Pologne devant l'imminence du désastre

  

IMG_20150315_162355"Des réceptions comme celle là témoignaient de la "militarisation" des mœurs des jeunes filles - on peut employer ce terme car il s'agissait en fait du style de la jeunesse des écoles militaires, d'un style de vie militaire. Mais ce déchaînement des mineurs, qui scandalisait tellement les personnes âgées, avait à cette époque - je veux dire dans les dernières années précédant la guerre - une dimension plus dramatique: la guerre. Son ombre était sur tout, son imminence funeste suggérait qu'il fallait jouir de la vie avant qu'elle ne soit trop mêlée de mort. Les demoiselles de l'immédiat avant-guerre avaient quelque chose de ce mépris pour les convenances qui, quelques années plus tard, caractériserait la jeunesse en lutte dans les rues de Varsovie. "Nous vivons comme si nous allons mourir" - me cria un jour dans l'oreille Swiatek Karpinski au cours d'une beuverie, et cette réflexion rendait bien compte de l'atmosphère qui pesait sur la Pologne plus encore que sur le reste de l'Europe."

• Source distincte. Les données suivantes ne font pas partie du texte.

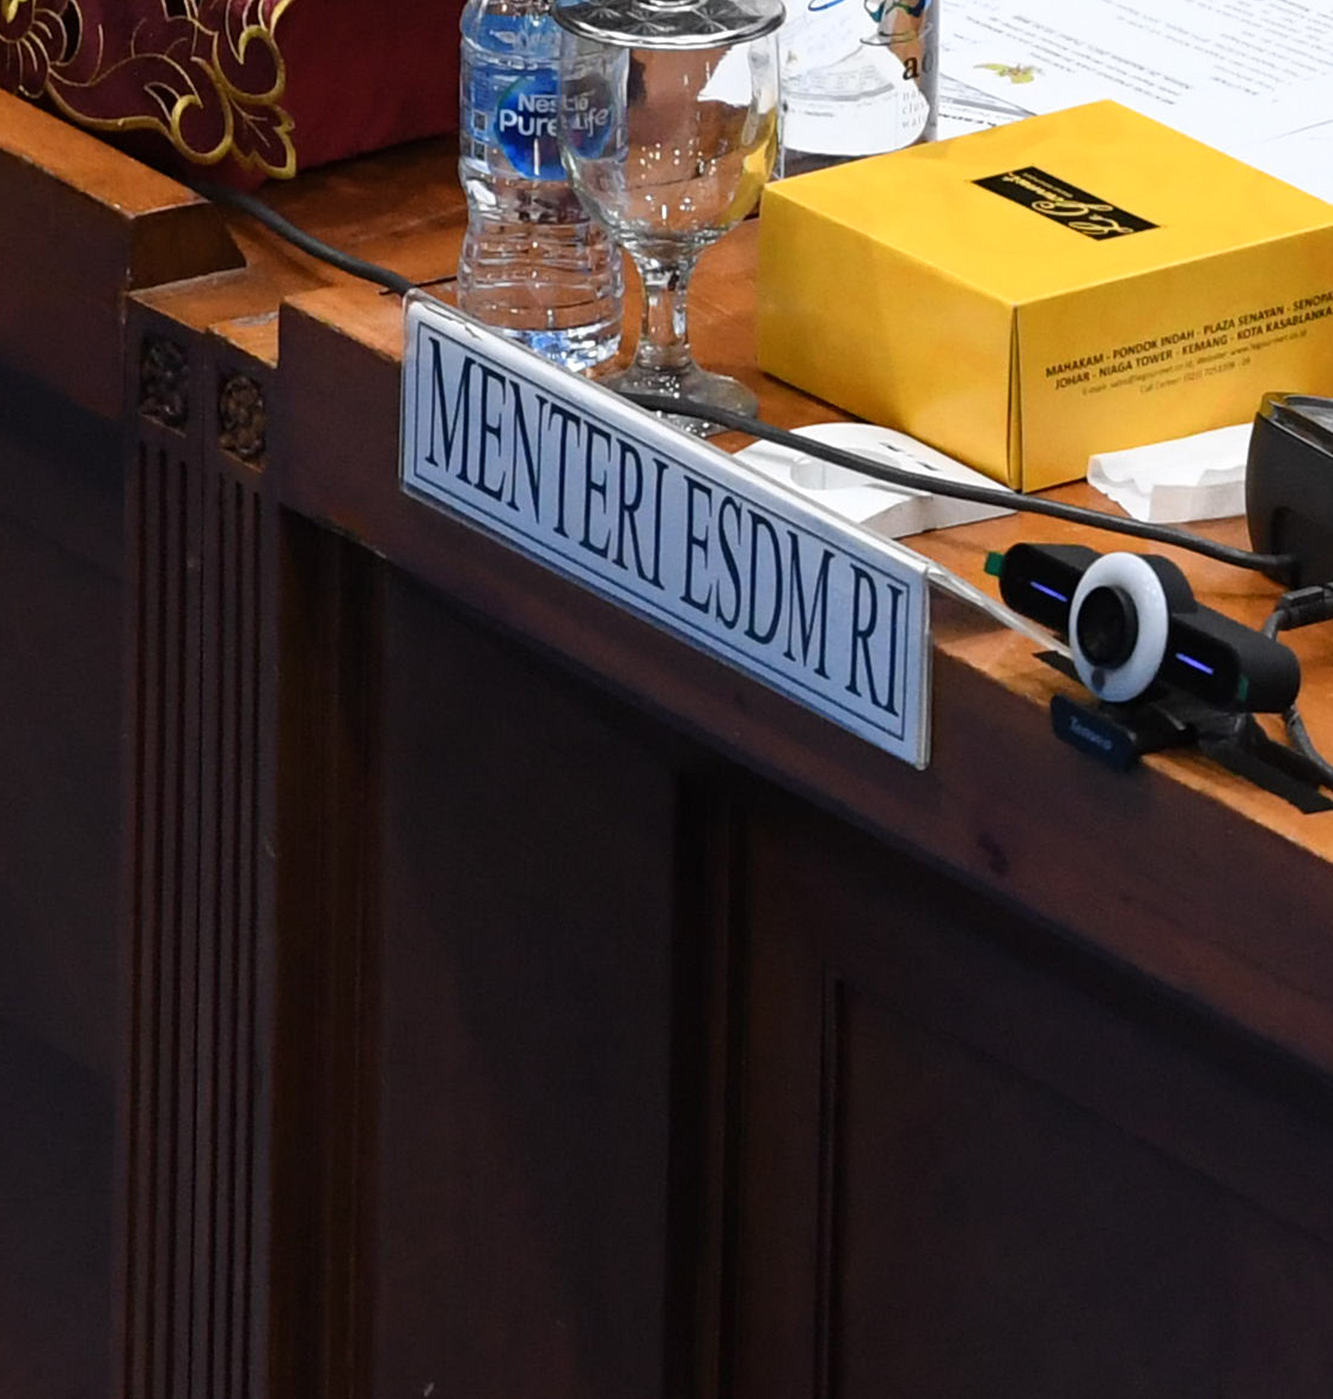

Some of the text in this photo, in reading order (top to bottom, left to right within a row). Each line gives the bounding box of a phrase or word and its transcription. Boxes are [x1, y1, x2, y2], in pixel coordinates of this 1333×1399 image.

[571, 107, 609, 137] Life
[1045, 354, 1104, 378] MAHAKAM
[1112, 340, 1159, 360] PONDOK
[1160, 329, 1195, 346] INDAH
[1203, 319, 1236, 335] PLAZA
[1238, 306, 1285, 326] SENAYAN
[1055, 305, 1333, 390] JOHAR NIAGA TOWER KEMANG KOTA KASABLANKA
[425, 337, 904, 717] MENTERI ESDM RI
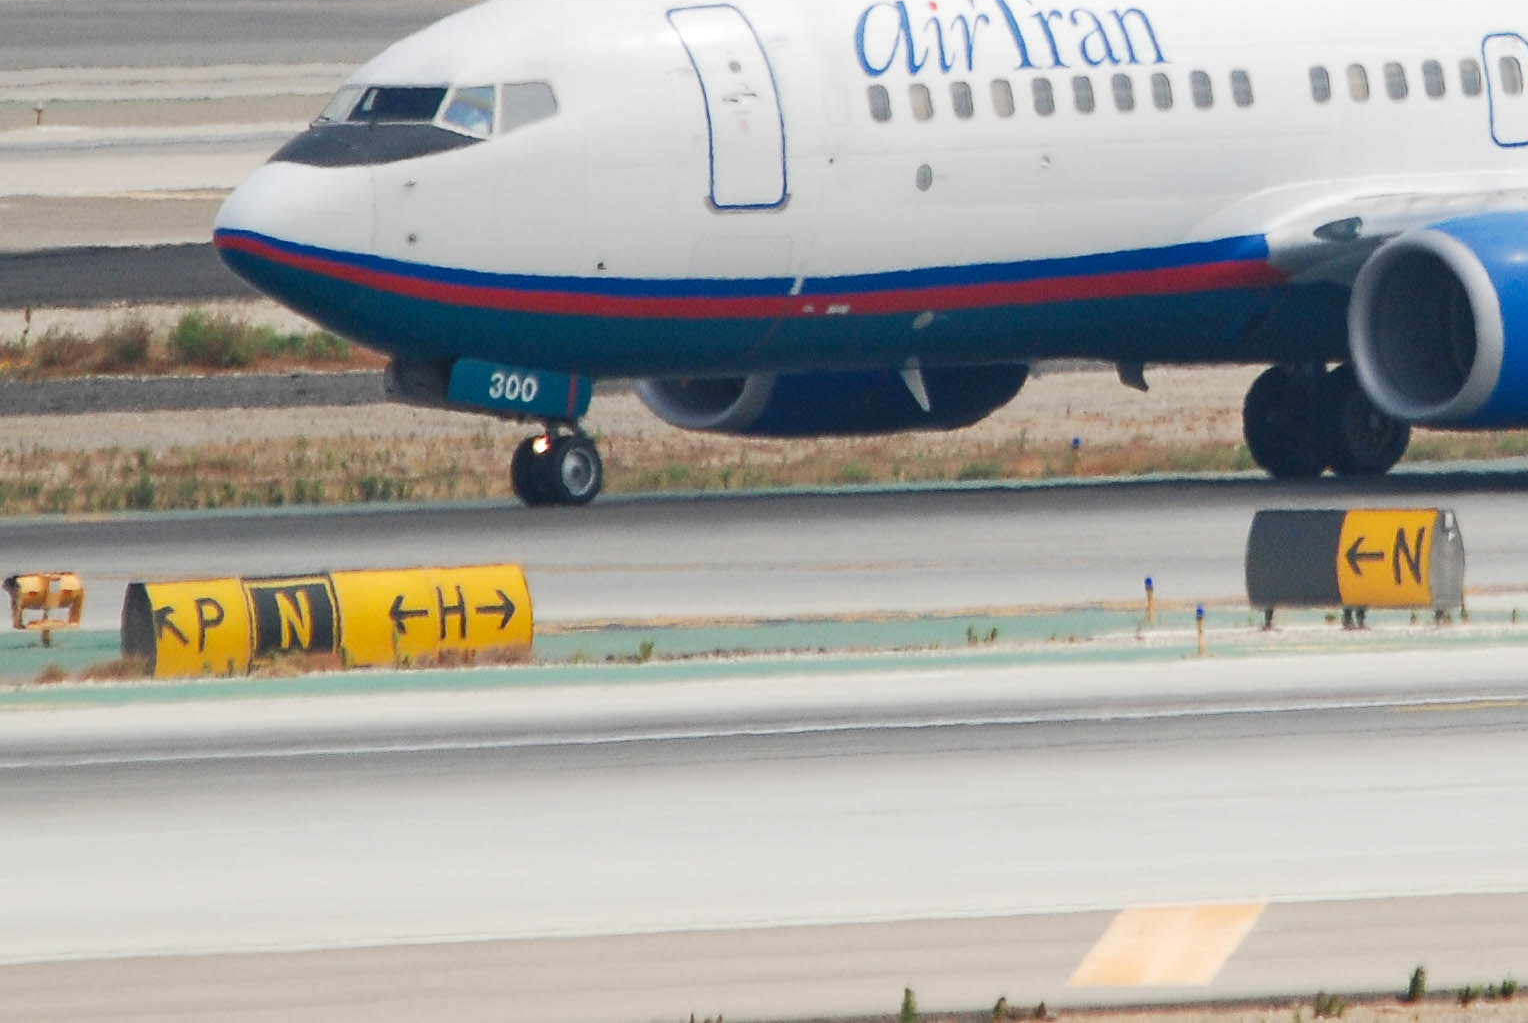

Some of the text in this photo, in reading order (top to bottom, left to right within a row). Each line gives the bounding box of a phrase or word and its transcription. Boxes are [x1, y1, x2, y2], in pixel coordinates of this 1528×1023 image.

p.207, "Souvenirs de Pologne"(1984), Witold Gombrowicz, 10/18, initialement écrites pour Radio Free Europe en 1960, elles ne furent jamais diffusées. Retrouvées par Rita Gombrowicz en 1976, publiées en polonais en 1977 pour la dispora polonaise par Kultura, elles sont traduites et publiées chez Christian Bourgois en 1984.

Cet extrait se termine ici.